_SUPPLIED MATERIAL_:
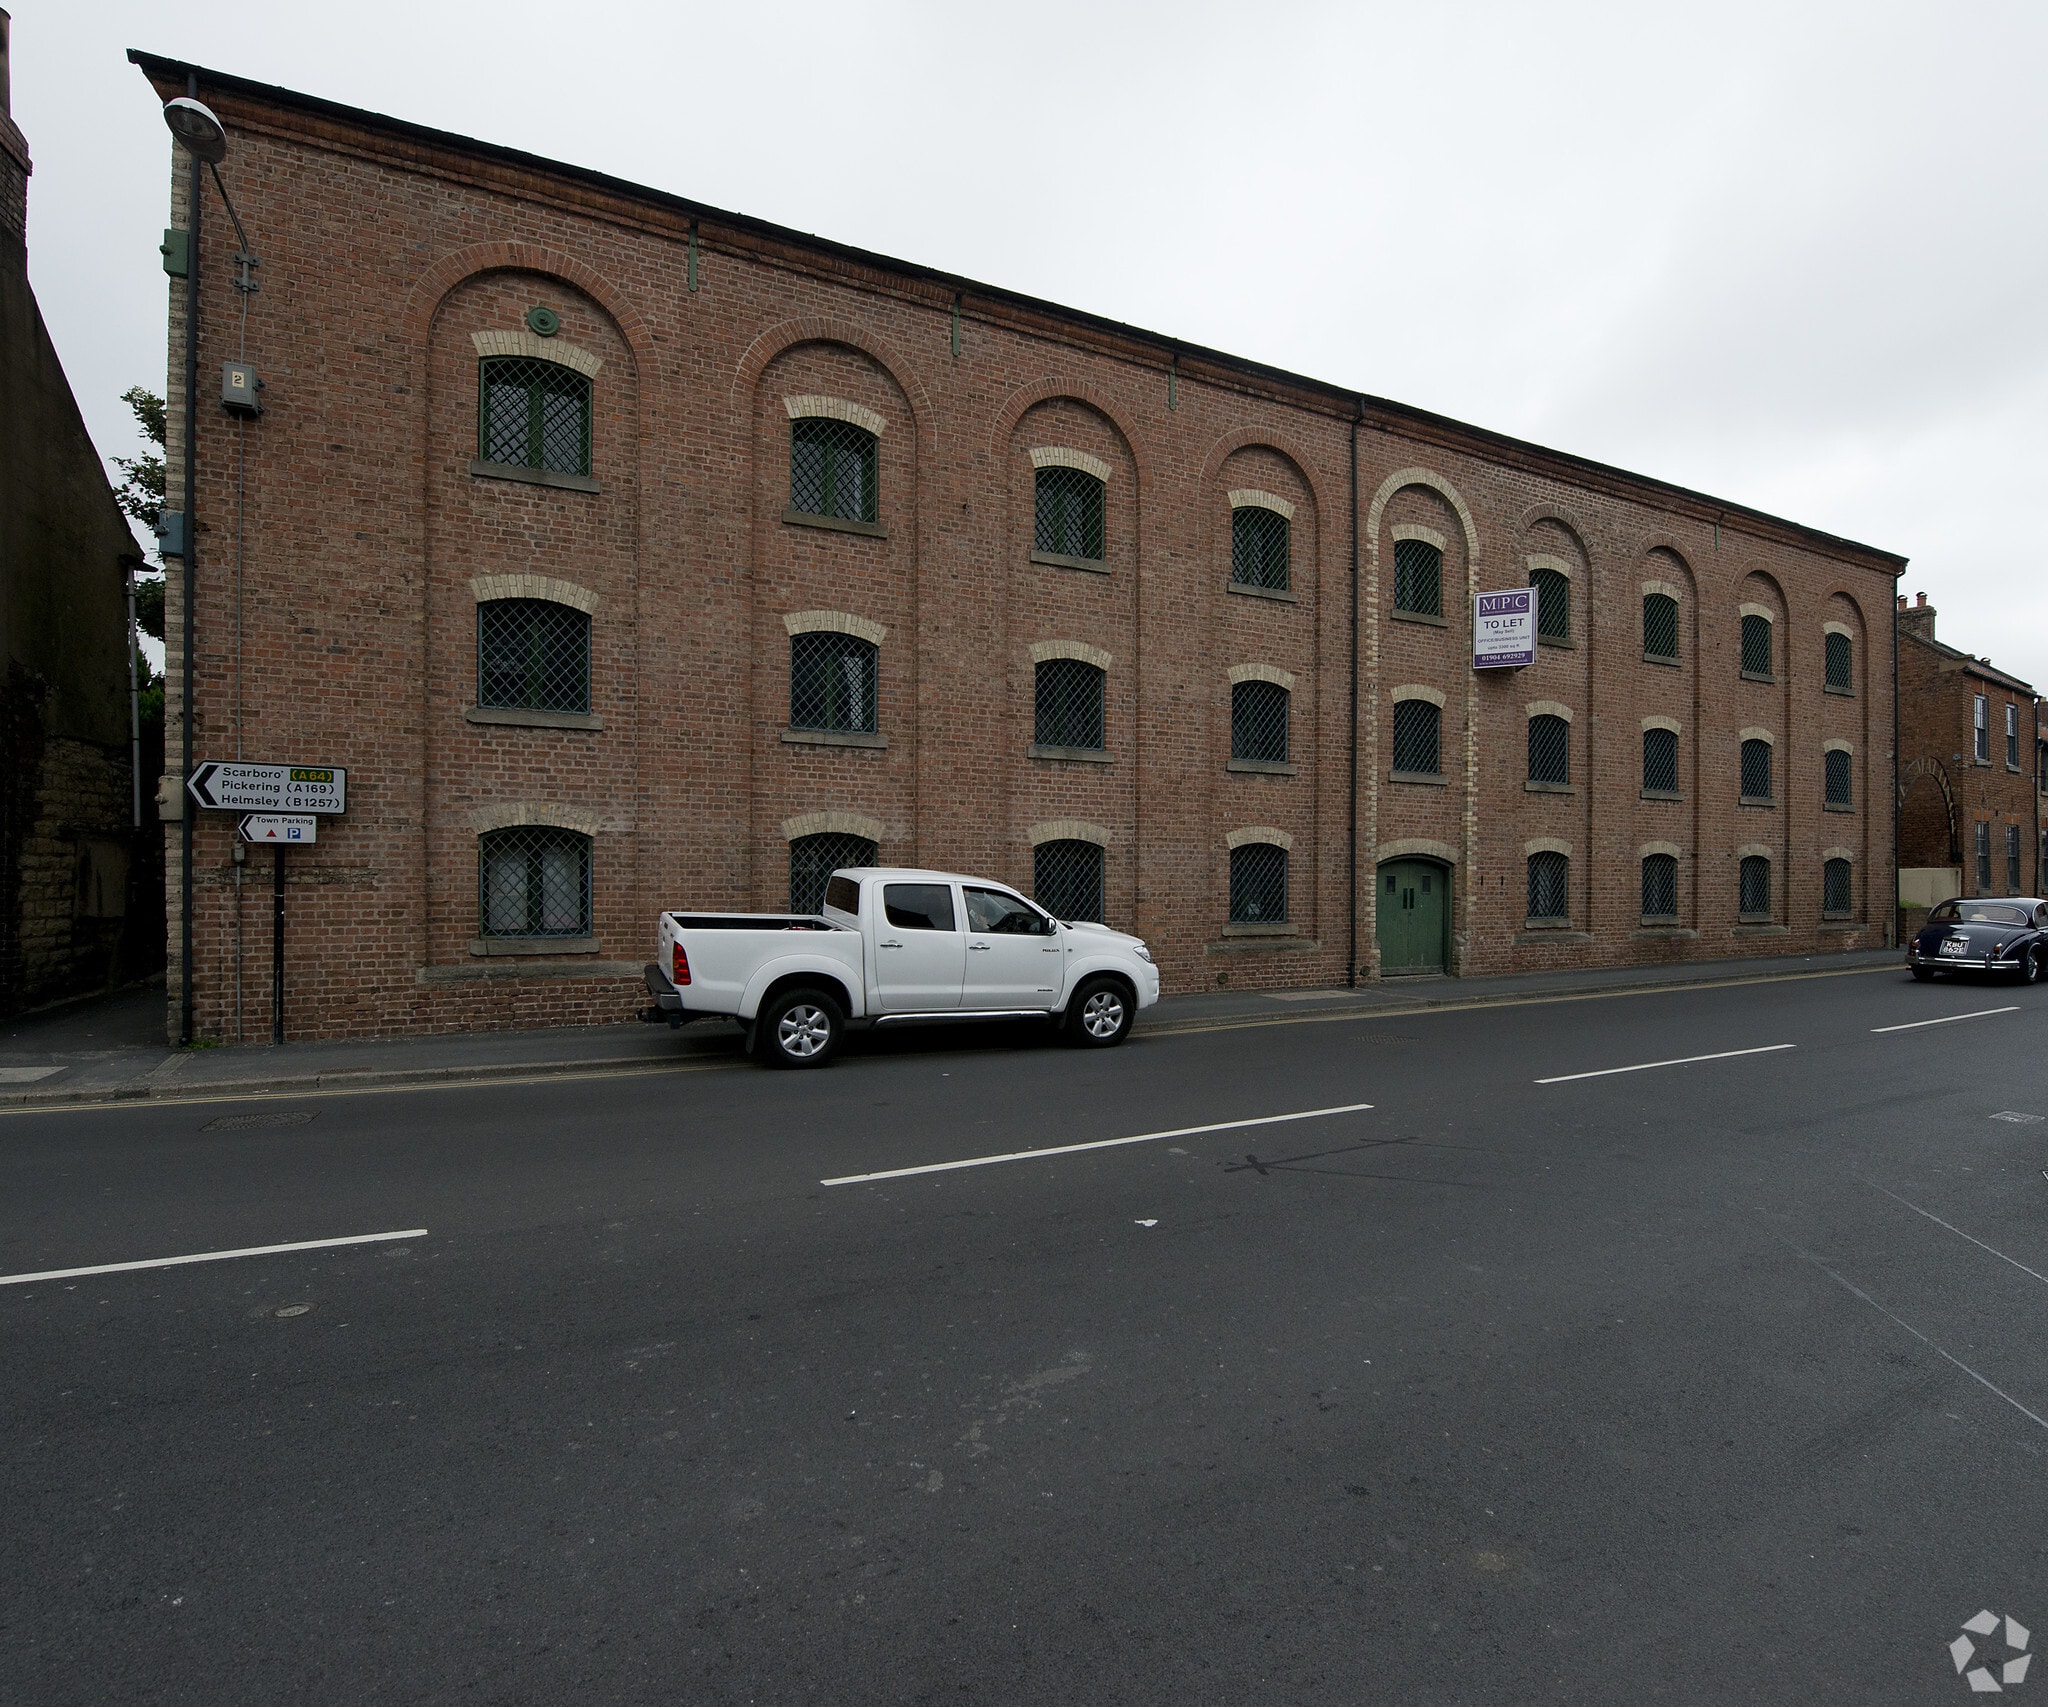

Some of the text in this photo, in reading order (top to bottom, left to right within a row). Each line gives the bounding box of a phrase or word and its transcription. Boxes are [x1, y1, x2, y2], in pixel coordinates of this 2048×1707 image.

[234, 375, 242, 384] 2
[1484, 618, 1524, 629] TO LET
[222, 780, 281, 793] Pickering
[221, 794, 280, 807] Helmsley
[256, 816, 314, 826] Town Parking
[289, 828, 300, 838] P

_WHAT TO PRODUCE_: Go through the listing above and write it out again exactly, dropping the pictures.

_RESPONSE AREA_:
Some of the text in this photo, in reading order (top to bottom, left to right within a row). Each line gives the bounding box of a phrase or word and its transcription. Boxes are [x1, y1, x2, y2], in pixel coordinates of this 2048×1707 image.

[234, 375, 242, 384] 2
[1484, 618, 1524, 629] TO LET
[222, 780, 281, 793] Pickering
[221, 794, 280, 807] Helmsley
[256, 816, 314, 826] Town Parking
[289, 828, 300, 838] P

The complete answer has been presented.